(Free-text object descriptions)
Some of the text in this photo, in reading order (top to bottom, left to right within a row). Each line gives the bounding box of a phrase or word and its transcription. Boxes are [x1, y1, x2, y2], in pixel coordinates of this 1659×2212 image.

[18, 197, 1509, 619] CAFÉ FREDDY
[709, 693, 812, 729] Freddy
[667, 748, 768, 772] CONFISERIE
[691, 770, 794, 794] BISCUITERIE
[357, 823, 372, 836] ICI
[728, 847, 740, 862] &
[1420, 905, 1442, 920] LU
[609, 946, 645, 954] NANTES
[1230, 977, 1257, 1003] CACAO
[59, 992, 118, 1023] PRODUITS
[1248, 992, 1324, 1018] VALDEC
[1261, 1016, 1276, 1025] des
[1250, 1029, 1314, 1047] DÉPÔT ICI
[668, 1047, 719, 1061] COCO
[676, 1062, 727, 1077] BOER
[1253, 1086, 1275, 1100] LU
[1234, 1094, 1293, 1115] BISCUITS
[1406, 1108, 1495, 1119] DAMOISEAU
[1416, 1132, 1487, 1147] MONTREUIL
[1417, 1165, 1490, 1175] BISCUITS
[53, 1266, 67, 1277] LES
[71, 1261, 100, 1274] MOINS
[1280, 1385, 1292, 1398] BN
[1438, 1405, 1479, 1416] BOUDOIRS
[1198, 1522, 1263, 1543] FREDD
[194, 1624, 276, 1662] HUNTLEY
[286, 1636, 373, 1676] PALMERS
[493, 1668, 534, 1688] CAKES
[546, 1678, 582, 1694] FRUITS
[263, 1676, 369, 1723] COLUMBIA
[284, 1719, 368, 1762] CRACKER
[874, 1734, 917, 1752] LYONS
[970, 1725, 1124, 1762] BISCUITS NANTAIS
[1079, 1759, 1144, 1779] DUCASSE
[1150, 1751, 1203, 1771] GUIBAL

* [Exercise description]: Please give the data again in full, exactly as written.

* [Exercise answer]:
Some of the text in this photo, in reading order (top to bottom, left to right within a row). Each line gives the bounding box of a phrase or word and its transcription. Boxes are [x1, y1, x2, y2], in pixel coordinates of this 1659×2212 image.

[18, 197, 1509, 619] CAFÉ FREDDY
[709, 693, 812, 729] Freddy
[667, 748, 768, 772] CONFISERIE
[691, 770, 794, 794] BISCUITERIE
[357, 823, 372, 836] ICI
[728, 847, 740, 862] &
[1420, 905, 1442, 920] LU
[609, 946, 645, 954] NANTES
[1230, 977, 1257, 1003] CACAO
[59, 992, 118, 1023] PRODUITS
[1248, 992, 1324, 1018] VALDEC
[1261, 1016, 1276, 1025] des
[1250, 1029, 1314, 1047] DÉPÔT ICI
[668, 1047, 719, 1061] COCO
[676, 1062, 727, 1077] BOER
[1253, 1086, 1275, 1100] LU
[1234, 1094, 1293, 1115] BISCUITS
[1406, 1108, 1495, 1119] DAMOISEAU
[1416, 1132, 1487, 1147] MONTREUIL
[1417, 1165, 1490, 1175] BISCUITS
[53, 1266, 67, 1277] LES
[71, 1261, 100, 1274] MOINS
[1280, 1385, 1292, 1398] BN
[1438, 1405, 1479, 1416] BOUDOIRS
[1198, 1522, 1263, 1543] FREDD
[194, 1624, 276, 1662] HUNTLEY
[286, 1636, 373, 1676] PALMERS
[493, 1668, 534, 1688] CAKES
[546, 1678, 582, 1694] FRUITS
[263, 1676, 369, 1723] COLUMBIA
[284, 1719, 368, 1762] CRACKER
[874, 1734, 917, 1752] LYONS
[970, 1725, 1124, 1762] BISCUITS NANTAIS
[1079, 1759, 1144, 1779] DUCASSE
[1150, 1751, 1203, 1771] GUIBAL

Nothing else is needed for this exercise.